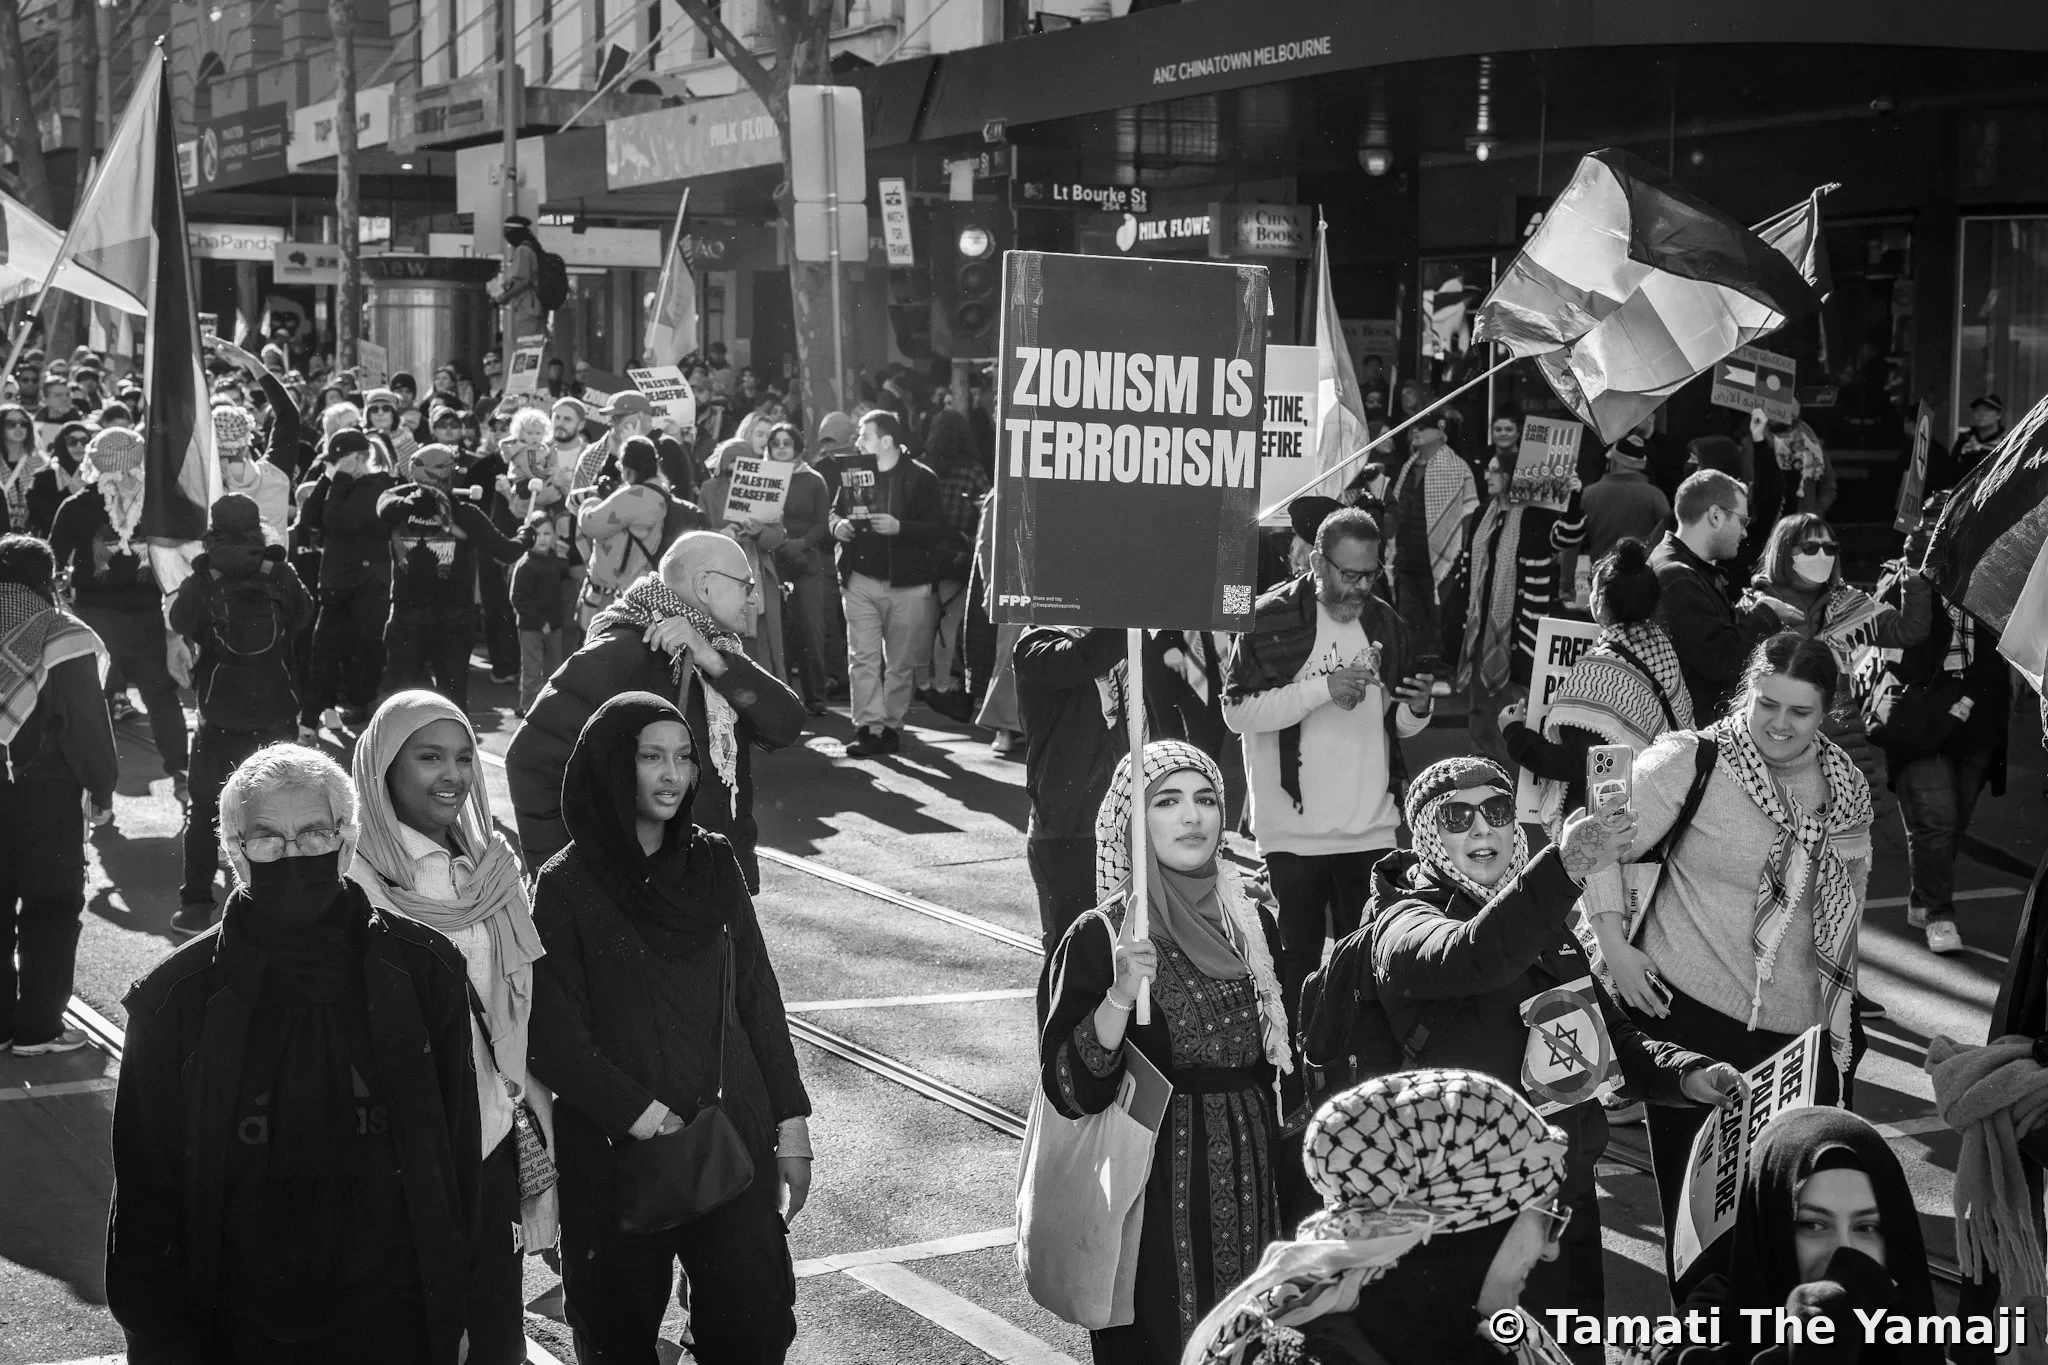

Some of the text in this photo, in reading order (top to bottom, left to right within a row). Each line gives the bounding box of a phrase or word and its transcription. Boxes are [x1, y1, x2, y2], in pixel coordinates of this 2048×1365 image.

[1152, 36, 1332, 84] ANZ CHINATOWN MELBOURNE
[710, 121, 737, 148] MILK
[1053, 184, 1147, 204] Lt Bourke St
[1138, 219, 1167, 241] MILK
[1013, 346, 1255, 418] ZIONISM IS
[1525, 432, 1548, 444] SAME
[1526, 423, 1551, 436] SAME
[1005, 418, 1255, 488] TERRORISM
[736, 460, 760, 473] FREE
[733, 474, 785, 491] PALESTINE,
[731, 487, 781, 502] CEASEFIRE
[728, 499, 752, 513] NOW.
[998, 594, 1031, 607] FPP
[1777, 1038, 1806, 1111] FREE
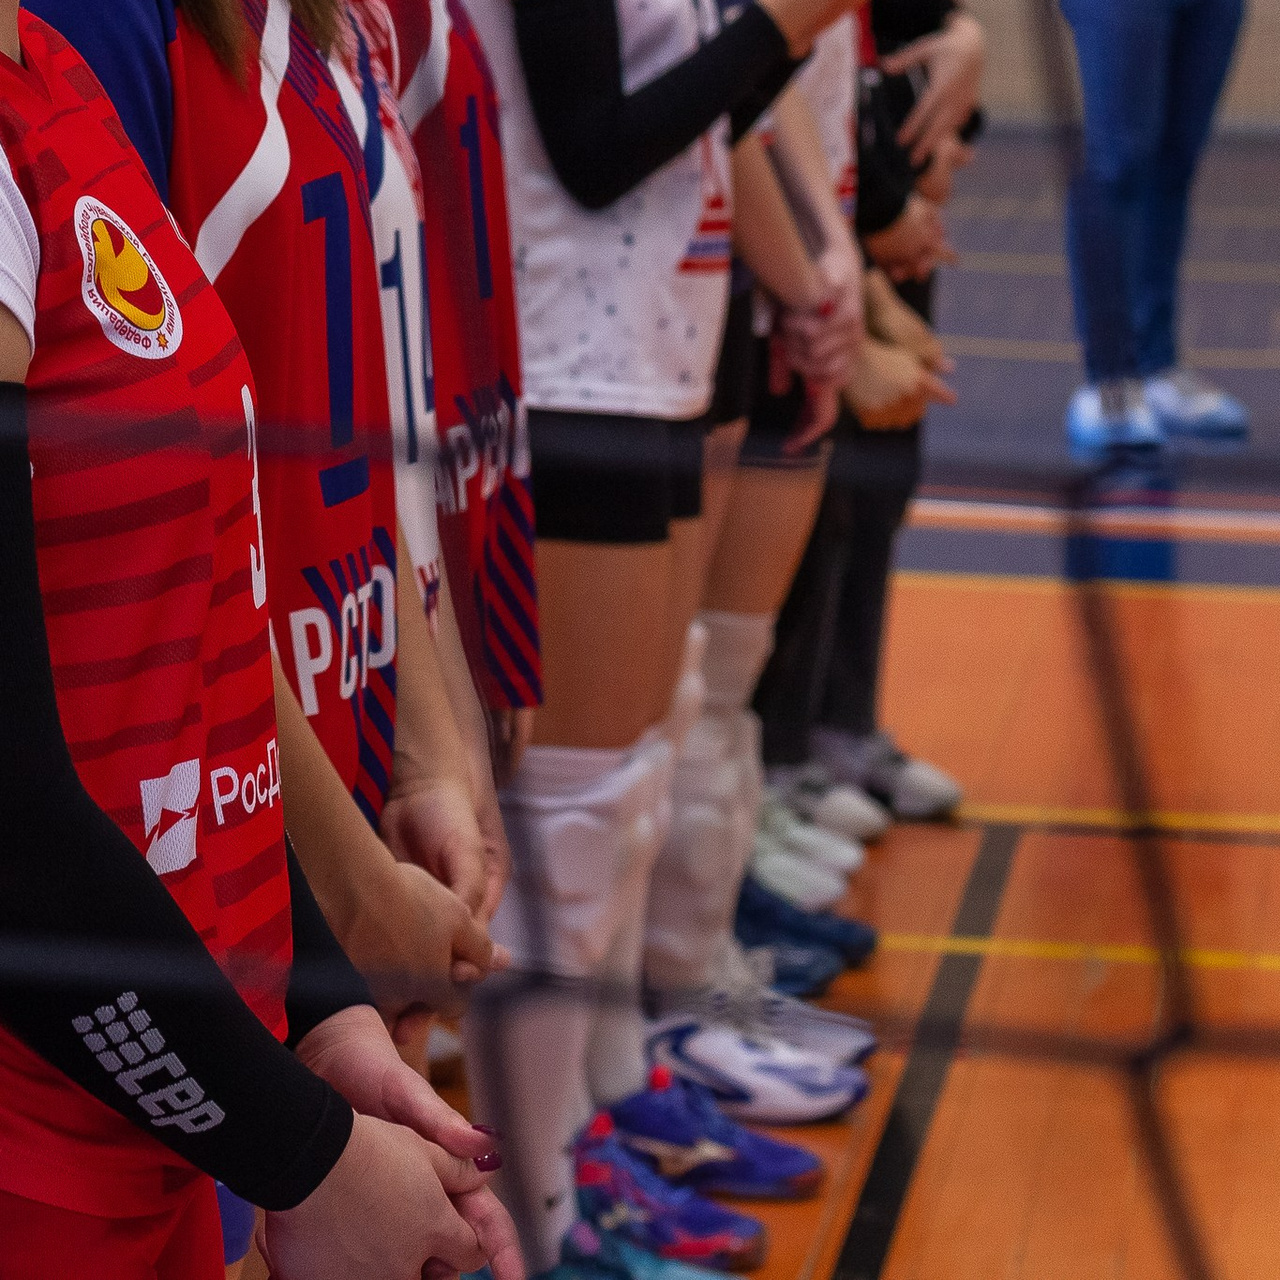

*Problem to solve*. Drop the images; return the entries above exactly as they appear.

*Reply to the exercise*.
Some of the text in this photo, in reading order (top to bottom, left to right within a row). Each line gives the bounding box of a phrase or word and its transcription. Boxes are [x1, y1, x2, y2], in pixel coordinates of this 2048×1365 image.

[1152, 36, 1332, 84] ANZ CHINATOWN MELBOURNE
[710, 121, 737, 148] MILK
[1053, 184, 1147, 204] Lt Bourke St
[1138, 219, 1167, 241] MILK
[1013, 346, 1255, 418] ZIONISM IS
[1525, 432, 1548, 444] SAME
[1526, 423, 1551, 436] SAME
[1005, 418, 1255, 488] TERRORISM
[736, 460, 760, 473] FREE
[733, 474, 785, 491] PALESTINE,
[731, 487, 781, 502] CEASEFIRE
[728, 499, 752, 513] NOW.
[998, 594, 1031, 607] FPP
[1777, 1038, 1806, 1111] FREE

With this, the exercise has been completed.